(Text-to-region grounding data)
== Segment start ==

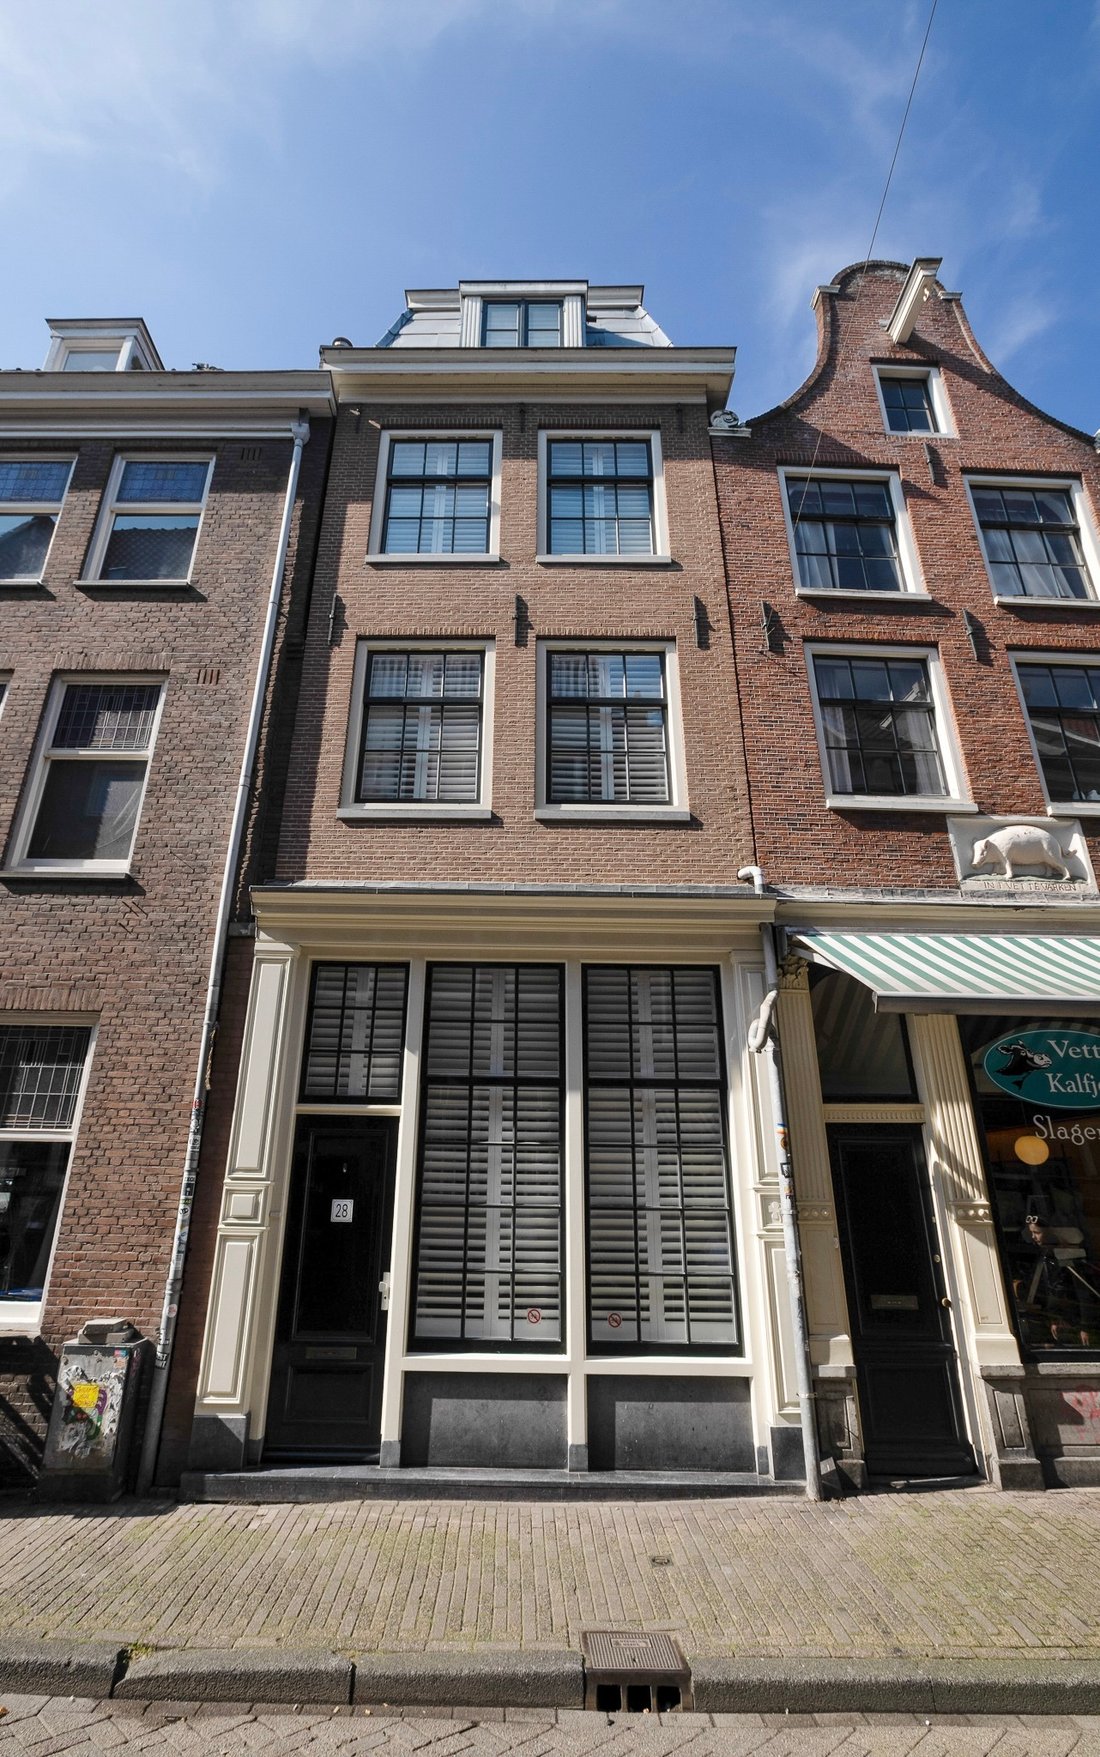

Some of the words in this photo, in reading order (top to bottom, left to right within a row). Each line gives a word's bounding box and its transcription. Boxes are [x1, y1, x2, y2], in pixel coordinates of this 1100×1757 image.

[1047, 1040, 1100, 1058] Vett
[1045, 1073, 1100, 1098] Kalfj
[335, 1203, 348, 1218] 28
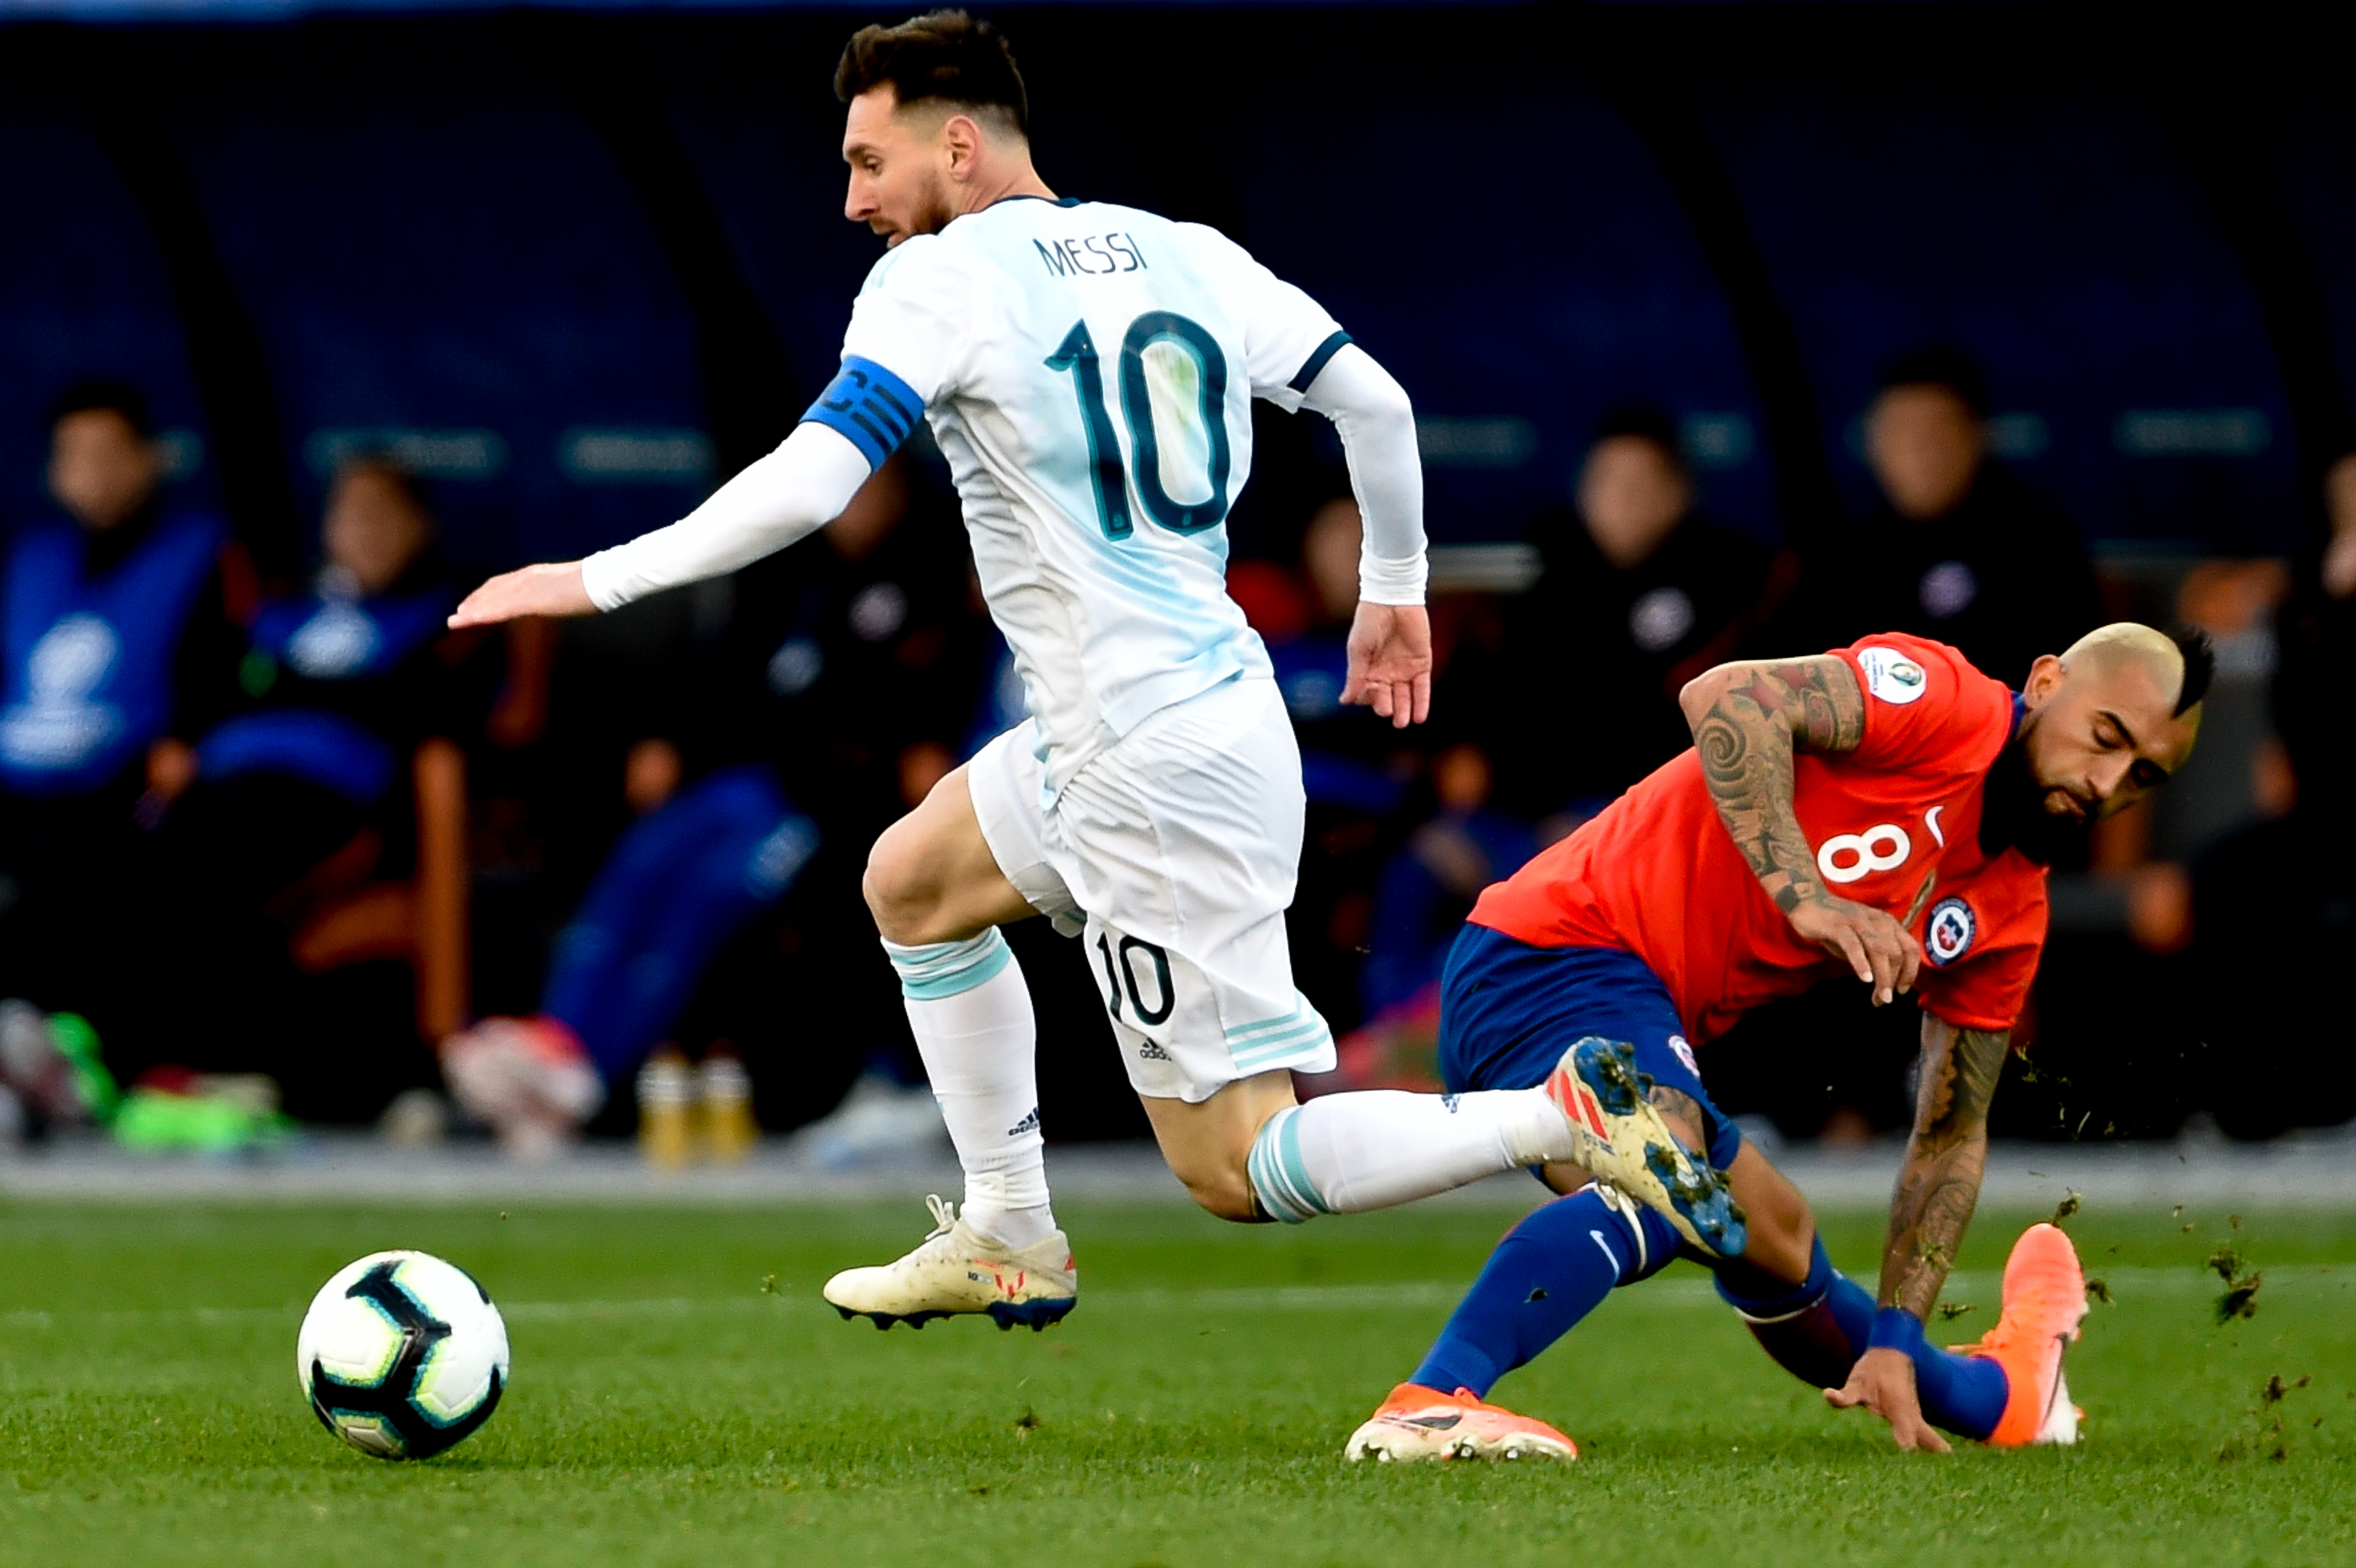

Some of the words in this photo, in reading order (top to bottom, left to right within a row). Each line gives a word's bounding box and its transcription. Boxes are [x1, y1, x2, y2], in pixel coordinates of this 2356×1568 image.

[1033, 232, 1147, 276] MESSI
[1042, 309, 1232, 542] 10
[1817, 823, 1911, 883] 8
[1096, 931, 1176, 1026] 10
[1139, 1048, 1172, 1061] adids

== Segment end ==

Required work: With no pictures included, write out the entries exactly.

Finished task:
Some of the words in this photo, in reading order (top to bottom, left to right within a row). Each line gives a word's bounding box and its transcription. Boxes are [x1, y1, x2, y2], in pixel coordinates of this 1100×1757 image.

[1047, 1040, 1100, 1058] Vett
[1045, 1073, 1100, 1098] Kalfj
[335, 1203, 348, 1218] 28

Some of the words in this photo, in reading order (top to bottom, left to right within a row). Each line gives a word's bounding box and its transcription. Boxes are [x1, y1, x2, y2], in pixel coordinates of this 2356×1568 image.

[1033, 232, 1147, 276] MESSI
[1042, 309, 1232, 542] 10
[1817, 823, 1911, 883] 8
[1096, 931, 1176, 1026] 10
[1139, 1048, 1172, 1061] adids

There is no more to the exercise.